Zerocalcare is a prolific author with three other comics published from 2017 to 2019. Firstly, the release of Macerie Prime and its sequel Macerie Prime Sei Mesi Dopo. Both of them are a real generational story about the difficulties and struggles that he and his friends experienced. Then, La Scuola Delle Pizze in Faccia del Professor Calcare combines a series of short stories about the behavior of a judgmental public. As a matter of fact, his comics tend to become a manifesto for those young generations often stuck in limbo, unsure of what the future will bring them.

New cartoons during the lockdown: Rebibbia Quarantine

In 2020, due to the Covid-19 pandemic, Zerocalcare was stuck in his house like the majority of the world population. From his apartment in Rebibbia, surrounded by video game consoles and plumcake, he gave birth to a unique cartoon series called Rebibbia Quarantine. Once again, 10 episodes of around three minutes each characterized by a unique and homemade format. From the first sequences, it’s clear it’s made with an artisanal touch and handwritten scenes, filmed with the smartphone and self-dubbed. Thanks to this new approach, the author found the right style to be widely accessible, especially during quarantine.

In each episode, he illustrates different daily struggles connected to his lockdown in Rebibbia. He narrates the frustration at the long lines at the supermarket, the doubts arising when new restrictive measures were implemented and the feelings connected to the forced isolation. He is able to go from a light, playful tone to a more serious and concrete one, especially when he introduced the figure of Lele, an underpaid nurse who tells him how hard the situation in his neighborhood is.

In this series the irony and intention of the author to share a different message each time is palpable. His success was immediate, also thanks to the visibility given by the TV show Propaganda Live. The mix is the same: personal experiences and the quarantine frame and contextualize the stories. As a result, this short series strengthened the reputation of Zerocalcare taking him out from the niche of written comics and going online.

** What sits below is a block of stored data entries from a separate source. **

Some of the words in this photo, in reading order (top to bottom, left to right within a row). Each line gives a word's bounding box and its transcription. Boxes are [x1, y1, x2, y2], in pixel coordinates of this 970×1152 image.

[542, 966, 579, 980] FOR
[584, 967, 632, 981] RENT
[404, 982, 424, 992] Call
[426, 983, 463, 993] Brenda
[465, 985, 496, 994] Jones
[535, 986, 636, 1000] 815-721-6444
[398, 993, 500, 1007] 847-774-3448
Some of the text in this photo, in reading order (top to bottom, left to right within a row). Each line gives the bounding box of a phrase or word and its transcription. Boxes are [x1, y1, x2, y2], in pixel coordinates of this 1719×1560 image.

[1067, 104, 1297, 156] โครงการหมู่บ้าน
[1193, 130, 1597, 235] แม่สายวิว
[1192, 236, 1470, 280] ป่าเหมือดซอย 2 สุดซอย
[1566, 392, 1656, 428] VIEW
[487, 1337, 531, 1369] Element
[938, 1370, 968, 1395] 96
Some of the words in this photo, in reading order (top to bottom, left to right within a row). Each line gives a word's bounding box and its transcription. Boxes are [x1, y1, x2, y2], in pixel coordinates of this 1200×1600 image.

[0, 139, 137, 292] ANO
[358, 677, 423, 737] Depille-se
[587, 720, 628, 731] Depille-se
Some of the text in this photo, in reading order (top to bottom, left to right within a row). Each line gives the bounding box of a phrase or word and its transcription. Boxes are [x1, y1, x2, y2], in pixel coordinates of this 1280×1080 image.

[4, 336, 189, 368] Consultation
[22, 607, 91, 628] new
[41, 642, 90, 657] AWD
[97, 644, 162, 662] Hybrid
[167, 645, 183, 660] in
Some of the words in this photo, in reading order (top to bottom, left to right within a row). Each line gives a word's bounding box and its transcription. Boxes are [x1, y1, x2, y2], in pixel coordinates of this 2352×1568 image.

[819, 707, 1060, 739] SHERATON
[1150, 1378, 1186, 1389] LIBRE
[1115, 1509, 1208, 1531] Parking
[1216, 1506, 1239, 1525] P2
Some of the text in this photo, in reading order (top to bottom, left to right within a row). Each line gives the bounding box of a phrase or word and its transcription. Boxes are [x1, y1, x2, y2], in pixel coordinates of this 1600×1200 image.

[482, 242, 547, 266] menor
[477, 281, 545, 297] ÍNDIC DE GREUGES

So, what now? On the one hand, the Rebibbia Quarantine cartoons are officially finished. Nevertheless, Zerocalcare decided to use that format one last time to address the issue of social mobilizations in the USA. On the other hand, the quarantine is over in Italy and many restrictions have been lifted. Along with many others, Michele, AKA Zerocalcare, must go back to work and he may have a surprise for his readers this fall.